▶ [INSTRUCTIONS TO FOLLOW]: In full and without change, repeat the records shown below.

(RECORDED INFORMATION)

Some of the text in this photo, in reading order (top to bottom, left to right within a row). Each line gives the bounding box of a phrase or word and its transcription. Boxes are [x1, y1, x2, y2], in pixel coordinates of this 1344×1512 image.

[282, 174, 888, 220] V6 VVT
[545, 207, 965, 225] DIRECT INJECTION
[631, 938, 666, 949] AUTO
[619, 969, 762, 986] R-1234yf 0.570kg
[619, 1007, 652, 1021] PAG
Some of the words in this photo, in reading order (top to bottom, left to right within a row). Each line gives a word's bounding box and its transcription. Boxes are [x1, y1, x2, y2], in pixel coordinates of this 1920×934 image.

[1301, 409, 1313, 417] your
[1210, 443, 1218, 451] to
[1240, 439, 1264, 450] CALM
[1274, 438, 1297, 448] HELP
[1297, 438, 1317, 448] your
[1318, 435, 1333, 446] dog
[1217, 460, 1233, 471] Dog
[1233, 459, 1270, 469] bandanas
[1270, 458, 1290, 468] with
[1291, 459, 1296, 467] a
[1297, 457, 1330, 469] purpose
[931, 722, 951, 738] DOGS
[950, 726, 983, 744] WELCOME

(End RECORDED INFORMATION)

▶ [ANSWER]:
Some of the text in this photo, in reading order (top to bottom, left to right within a row). Each line gives the bounding box of a phrase or word and its transcription. Boxes are [x1, y1, x2, y2], in pixel coordinates of this 1344×1512 image.

[282, 174, 888, 220] V6 VVT
[545, 207, 965, 225] DIRECT INJECTION
[631, 938, 666, 949] AUTO
[619, 969, 762, 986] R-1234yf 0.570kg
[619, 1007, 652, 1021] PAG
Some of the words in this photo, in reading order (top to bottom, left to right within a row). Each line gives a word's bounding box and its transcription. Boxes are [x1, y1, x2, y2], in pixel coordinates of this 1920×934 image.

[1301, 409, 1313, 417] your
[1210, 443, 1218, 451] to
[1240, 439, 1264, 450] CALM
[1274, 438, 1297, 448] HELP
[1297, 438, 1317, 448] your
[1318, 435, 1333, 446] dog
[1217, 460, 1233, 471] Dog
[1233, 459, 1270, 469] bandanas
[1270, 458, 1290, 468] with
[1291, 459, 1296, 467] a
[1297, 457, 1330, 469] purpose
[931, 722, 951, 738] DOGS
[950, 726, 983, 744] WELCOME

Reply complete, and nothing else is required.